Los cientos de escalones de piedra, de por sí altísimos y muy empinados, fueron todo un desafío debajo de la lluvia, pero valió la pena el esfuerzo por disfrutar de la vista maravillosa de la ciudad de Bangkok. A la bajada, casi empapados con paraguas o sin él, nos compramos un “reincó” (Ale lo tradujo como “rain coat” y aunque el nombre suene elegante no es más que una capa de nylon con capucha) y seguimos viaje en el barquito hasta el otro lado de la ciudad. Nos esperaba (a mí no, pero a Alejo parece que sí) el barrio chino, la población inmigratoria más grande de Bangkok.

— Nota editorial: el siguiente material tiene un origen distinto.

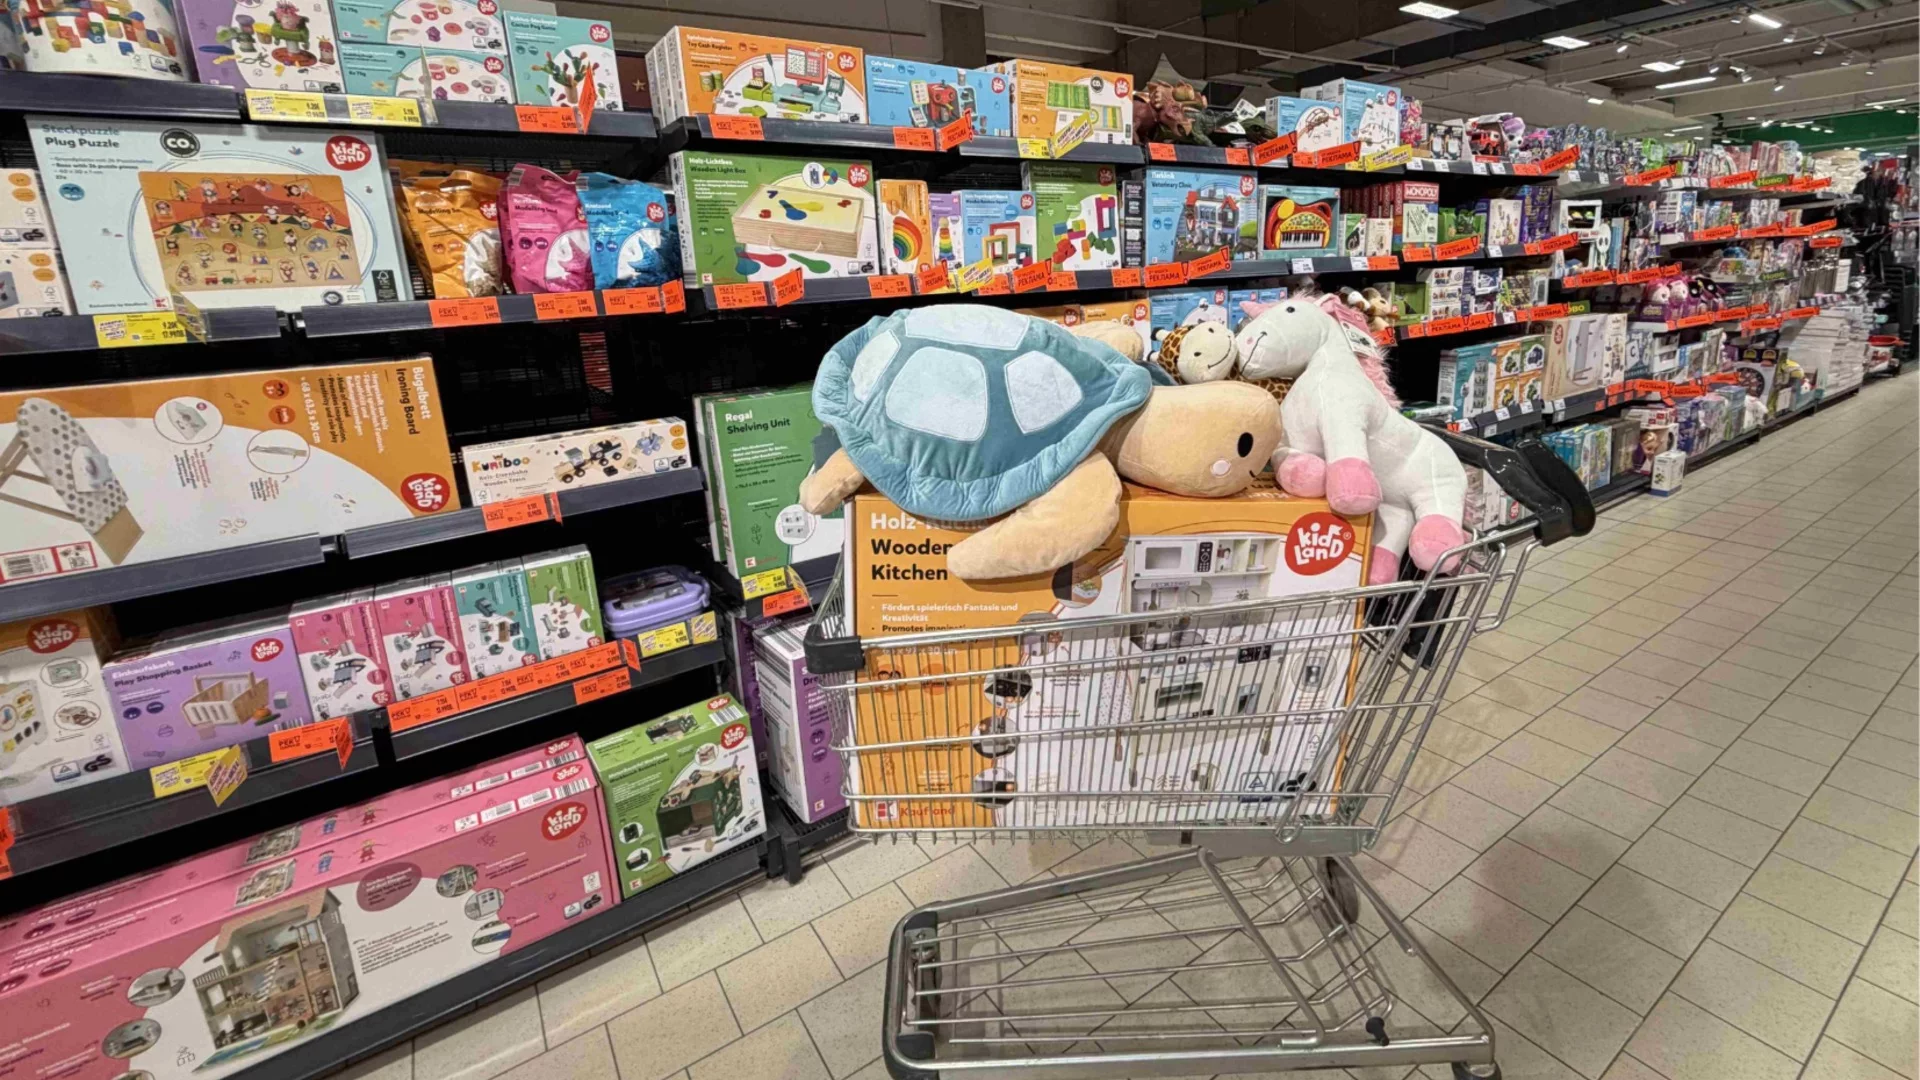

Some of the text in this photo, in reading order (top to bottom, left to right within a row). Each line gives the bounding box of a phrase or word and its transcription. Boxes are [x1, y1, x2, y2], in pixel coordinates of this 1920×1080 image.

[687, 41, 697, 49] Toy
[711, 43, 733, 51] Register
[41, 124, 120, 137] Steckpuzzle
[45, 137, 120, 149] Plug Puzzle
[1258, 143, 1290, 160] РЕКЛАМА
[1321, 151, 1353, 164] РЕКЛАМА
[1151, 182, 1178, 190] Veterinary
[1404, 187, 1438, 198] MONOPOLY
[514, 205, 542, 214] Modelling
[1017, 271, 1046, 287] РЕКЛАМА
[1149, 271, 1180, 282] РЕКЛАМА
[328, 377, 339, 406] Promotes
[412, 366, 432, 420] Bügelbrett
[396, 368, 421, 435] Ironing Board
[725, 409, 753, 423] Regal
[727, 418, 791, 435] Shelving Unit
[483, 476, 526, 488] Wooden Train
[1297, 522, 1344, 548] kid
[871, 564, 948, 581] Kitchen
[881, 603, 1018, 613] Fördert spielerisch Fantasie und
[882, 614, 929, 622] Kreativität
[882, 624, 924, 632] Promotes
[114, 660, 213, 688] Play Shopping Basket
[901, 806, 955, 817] Kaufand

Si hay que admirarles algo a los chinos es que poseen la capacidad de hacer suyo el barrio en que se instalan. De una calle a la otra parece que uno cambiara de país inesperadamente, todos los letreros son en chino, los mercados venden productos chinos y la gente, por supuesto, es china. Nuestro paseo consistió en meternos en las calles del mercado, cuyos puestitos atiborrados de cosas que se desbordaban sobre la vereda, vendían desde armas hasta comida. A parte de las armas y algún que otro producto de fontanería, éramos incapaces de nombrar lo que veíamos, sobre todo en los puestos de comestibles: comidas rosas, formas colgantes, ramas o algas, bolitas de cosas, aves decapitadas, cosas gelatinosas. El verdadero desafío era encontrar algo identificable y con nombre entre todas esas mercaderías que parecían sacadas de otro mundo. Mientras tanto seguía lloviendo y éramos los únicos valientes visitando el barrio chino de Bangkok.

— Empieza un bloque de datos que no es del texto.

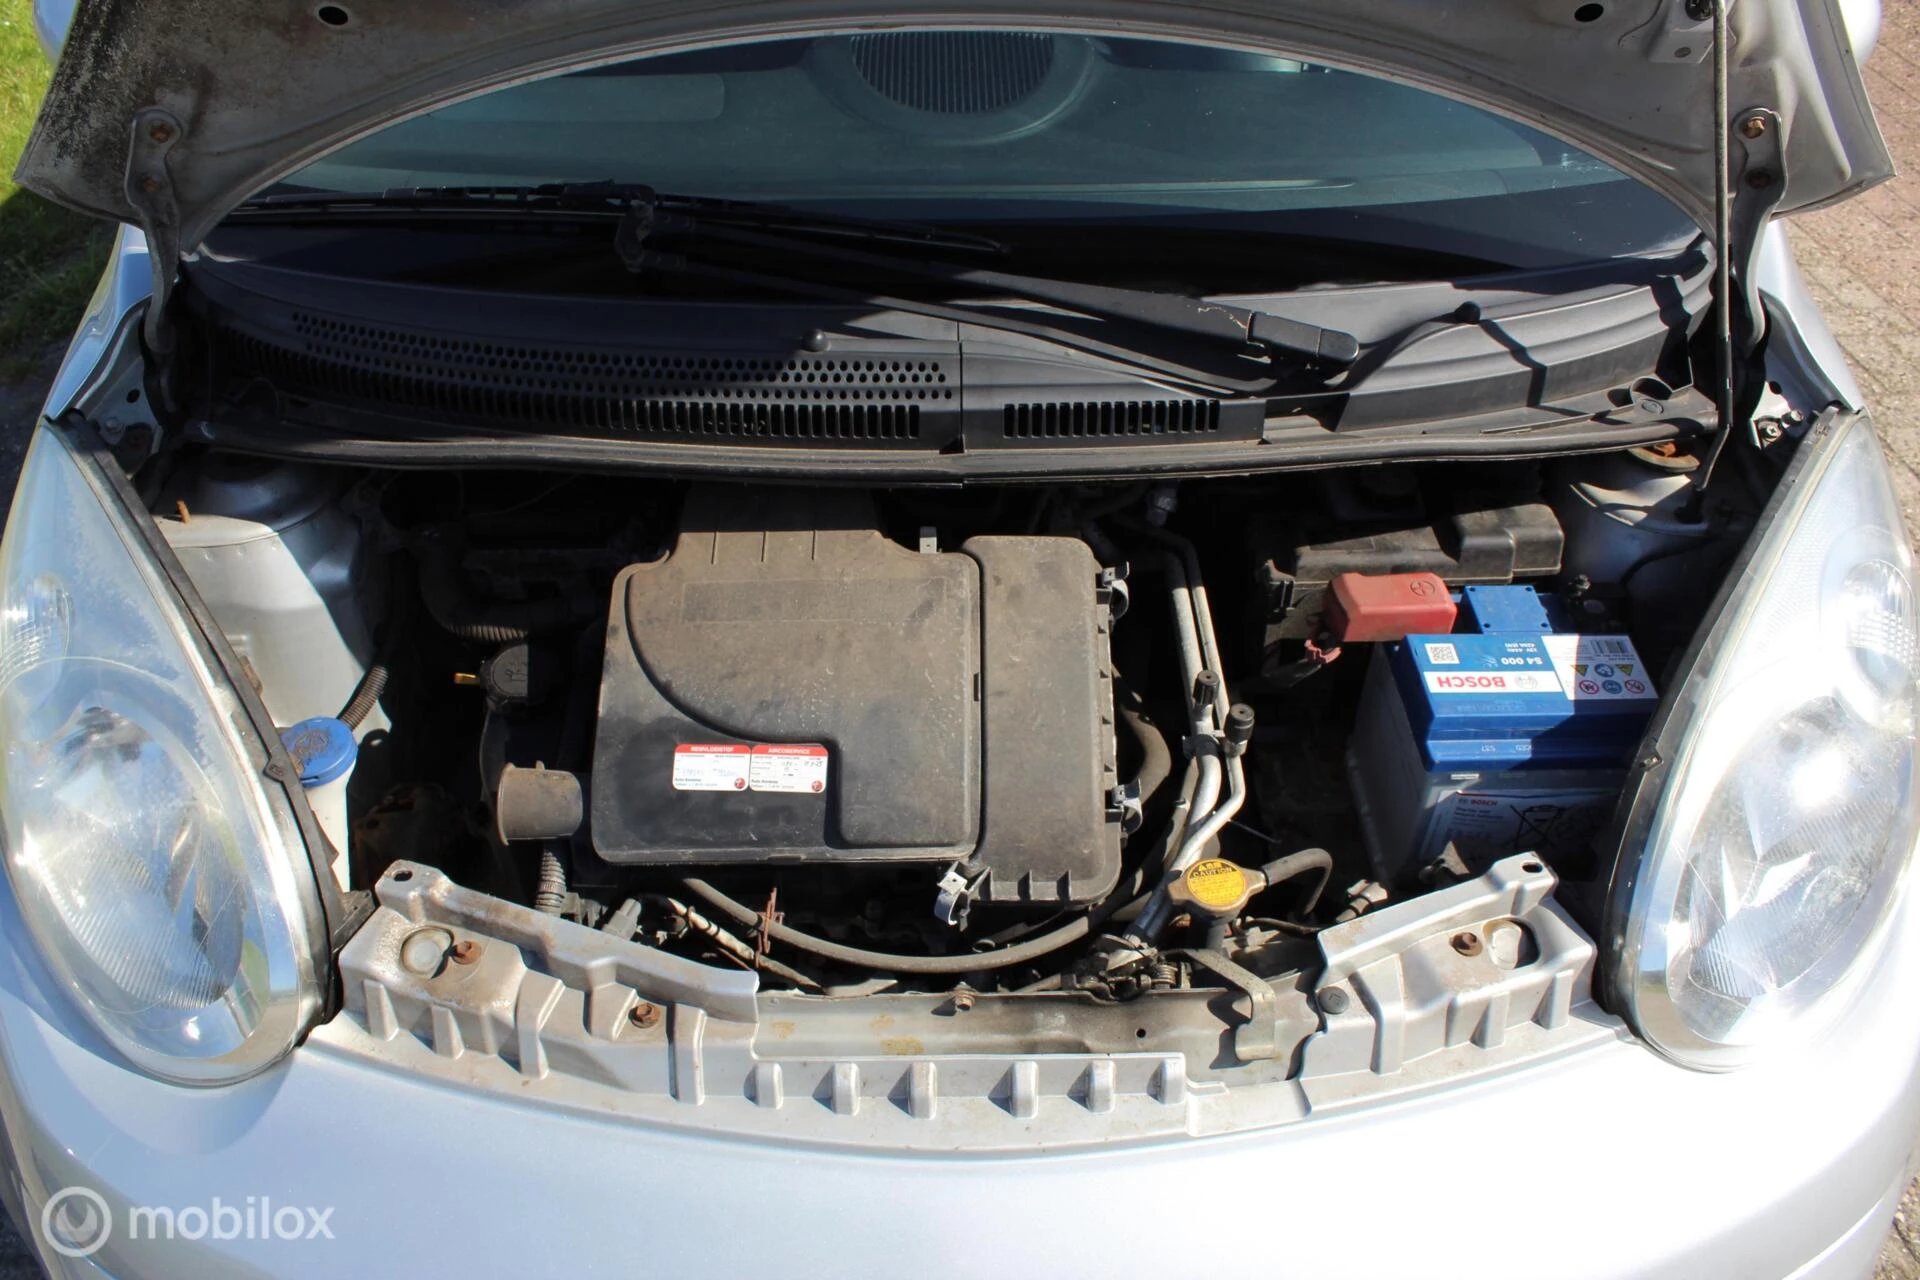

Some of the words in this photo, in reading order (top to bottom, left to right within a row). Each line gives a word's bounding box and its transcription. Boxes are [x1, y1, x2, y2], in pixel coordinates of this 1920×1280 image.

Lo divertido vino la mañana siguiente cuando, luego de ir a un mega shopping de tecnología que me vi forzada a visitar por un rato, volvíamos al hotel en taxi. Llovía con globitos por las calles de la ciudad y se empezaban a formar charcos. A unas diez cuadras del hotel (y unas tres horas antes de que saliera nuestro vuelo a Phuket) nos bajamos del taxi que no avanzaba en el tránsito y decidimos caminar bajo la lluvia. Cuando doblamos en nuestra querida Avenida Sukhumvit, nos encontramos con la inundación (que a esta altura no me sorprendió en absoluto). El agua había empezado a subir, luego de llenar la calle se subió a la vereda y pretendió entrar a algunos de los negocios. La gente, muy tranquilamente, se sacaba los zapatos y seguía caminando con el agua hasta los talones, y  a nosotros no nos quedó más remedio que hacer lo mismo (excepto lo de sacarnos las zapatillas). Los tuk-tuk no andaban (el agua les llegaba hasta el motor) y los taxis se negaban a juntar gente. La dificultad estaba en las esquinas, por donde bajaban riachuelos de agua que nos llegaba hasta las pantorrillas. En las veredas donde el agua había retrocedido, la gente barría… ¡cucarachas! Montones de cucarachas ahogadas, ahora apiladas en montoncitos. Y desde las macetas con plantas nos miraban las ratas (una decena por maceta), con los pelitos mojados y cara de “odiamos la temporada de lluvias”.

Con un ataque de risa por la cara de las ratas y las pilas de cucarachas, no pude menos que coincidir con Alejo cuando describió la experiencia de viajar por Bangkok como “violencia sensorial”. Y así es, ningún sentido sale ileso de la cultura thai.